There's a whole spectrum of things to chew on with James Yuill material. The English songwriter makes these electronic rave-ups one second and then these acoustic folk songs the next second and you stop yourself right in the middle there, right before dropping acid, wondering if you should carry through with the plan or just get an expensive bottle of wine and ruminate on everything a little more at home, where you're safer.

Okay, so it might not be exactly like that, but he causes you to reevaluate exactly what it is he's doing. You can't quite place where the motives are other than just in the mode of reinvention, of lifting oneself out of any normal or standard emotions and taking them on a midnight chase through the wet streets and the seedier clubs, only to wind up back home, in a pretty decent place to bed down for the night, maybe even with someone to bed down with.

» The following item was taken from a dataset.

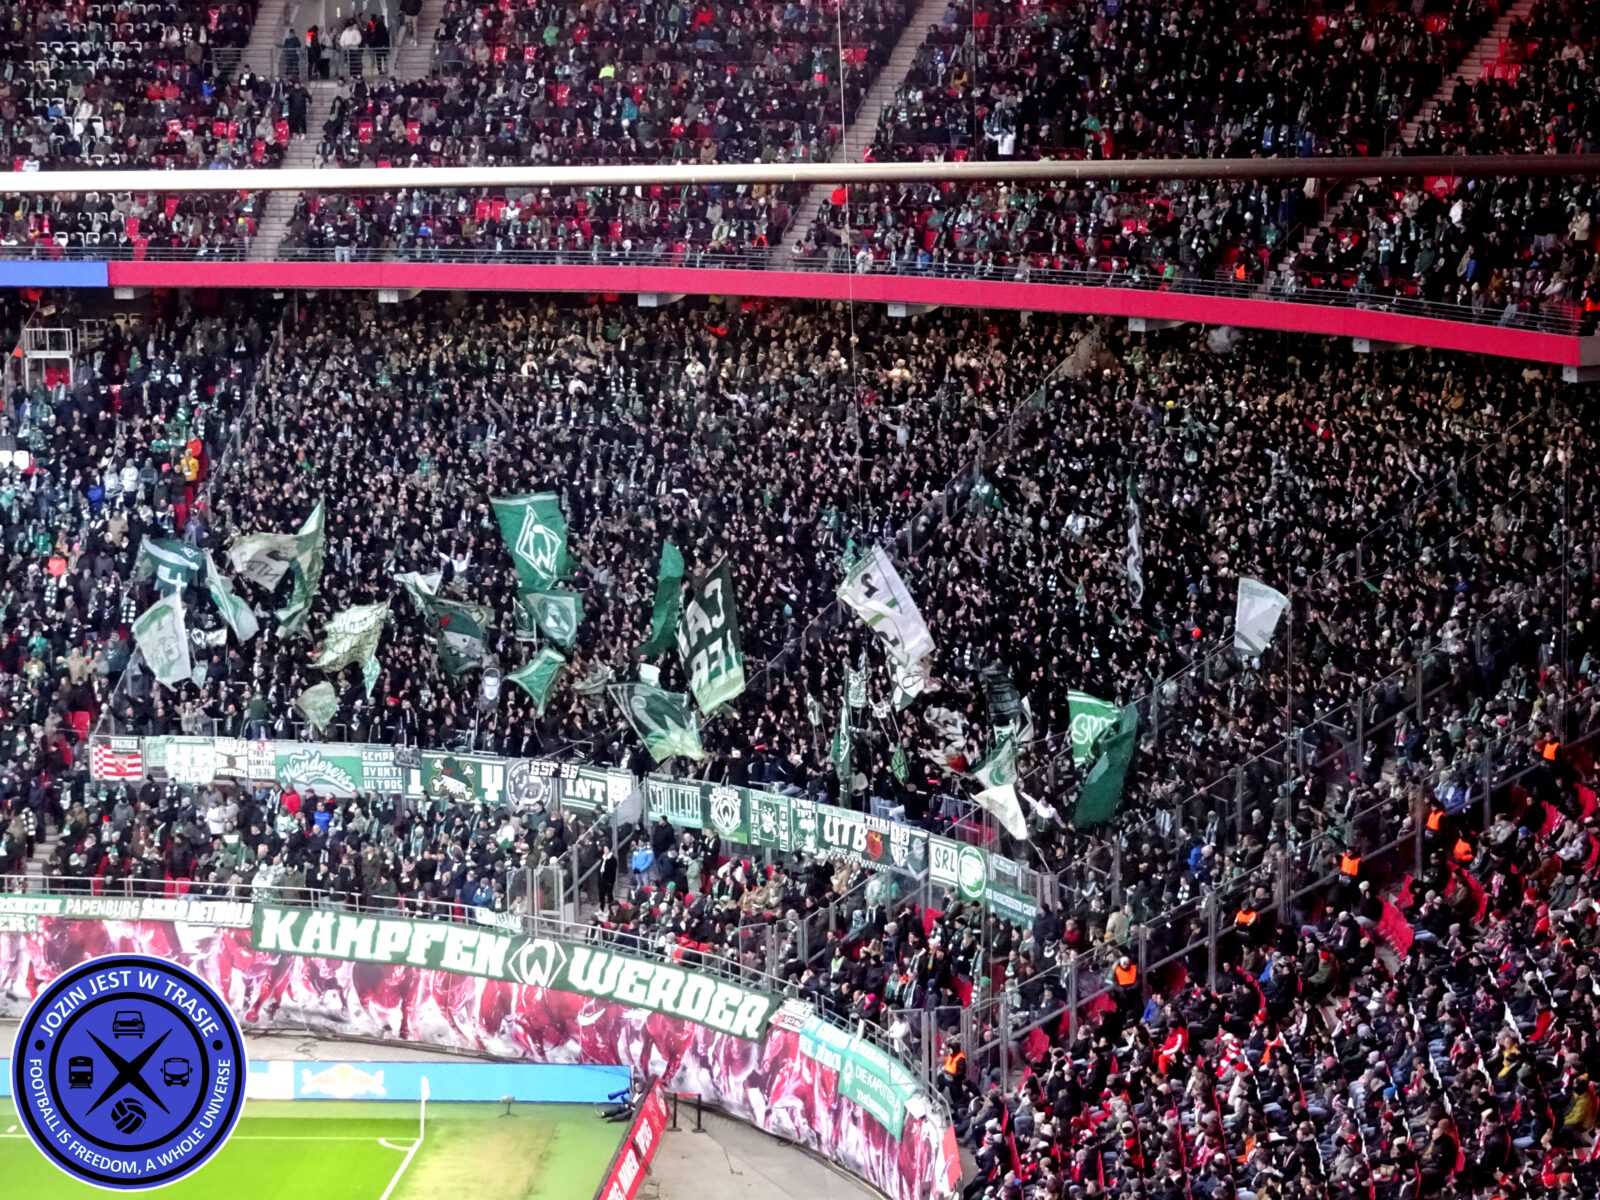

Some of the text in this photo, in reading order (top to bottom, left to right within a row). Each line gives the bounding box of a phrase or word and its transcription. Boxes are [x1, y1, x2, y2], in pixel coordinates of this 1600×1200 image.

He plays with insecurities and shaky personalities in the way that a straight-shooter would. He offers his insight and what amounts to advice, all the while knowing that he's in no shape to do such a thing. He jumps at shadows, always believing something's rounding up behind him, out to get him. His protagonists are surely always anxious, feeling that they might be critical, but they're only that way because they can see so much of those failings in themselves. There are summer hearts to change and there are fears to address, but when they're pointing fingers, three of them are coincidentally pointing right back at them. His people have their peccadillos that they're hyper-aware of and they're all dealing with them together.